▶ _Collected data_:
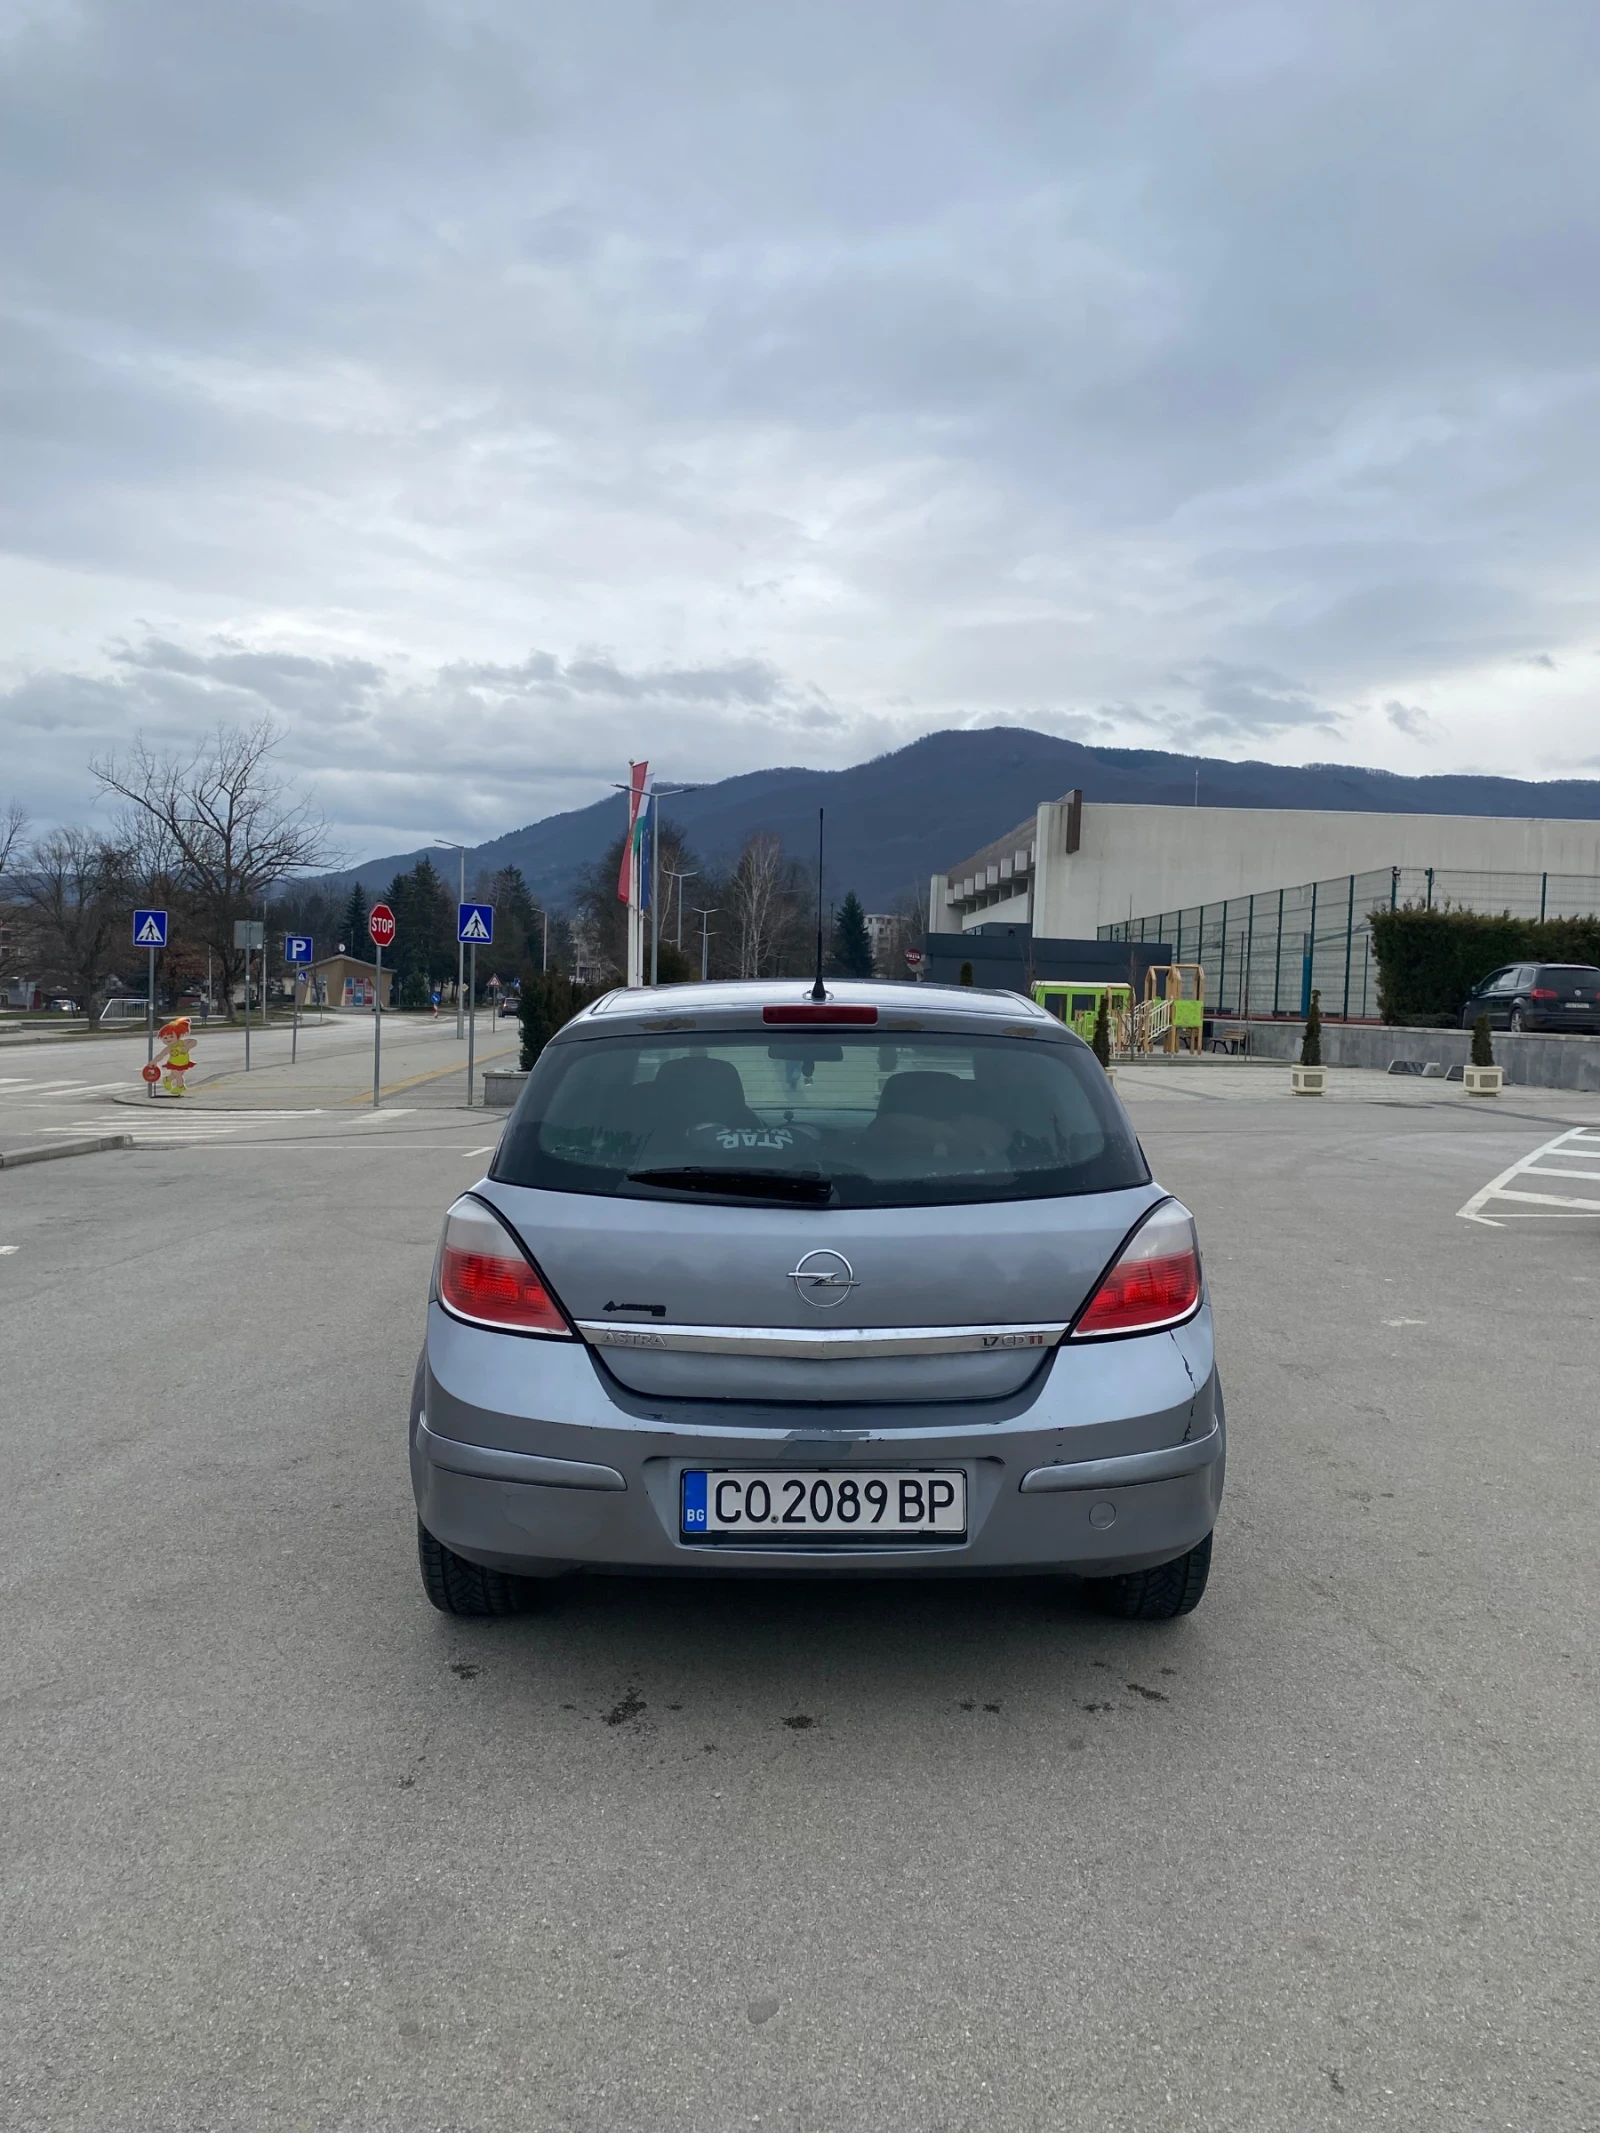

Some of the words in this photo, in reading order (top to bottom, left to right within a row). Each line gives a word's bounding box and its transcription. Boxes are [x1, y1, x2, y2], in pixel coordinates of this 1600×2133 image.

[371, 916, 393, 934] STOP
[292, 939, 306, 959] P
[602, 1332, 666, 1346] ASTRA
[687, 1509, 705, 1522] BG

▶ _Your task_:
Would you please print out all the records above exactly, minus any pictures?

▶ _Response area_:
Some of the words in this photo, in reading order (top to bottom, left to right within a row). Each line gives a word's bounding box and its transcription. Boxes are [x1, y1, x2, y2], in pixel coordinates of this 1600×2133 image.

[371, 916, 393, 934] STOP
[292, 939, 306, 959] P
[602, 1332, 666, 1346] ASTRA
[687, 1509, 705, 1522] BG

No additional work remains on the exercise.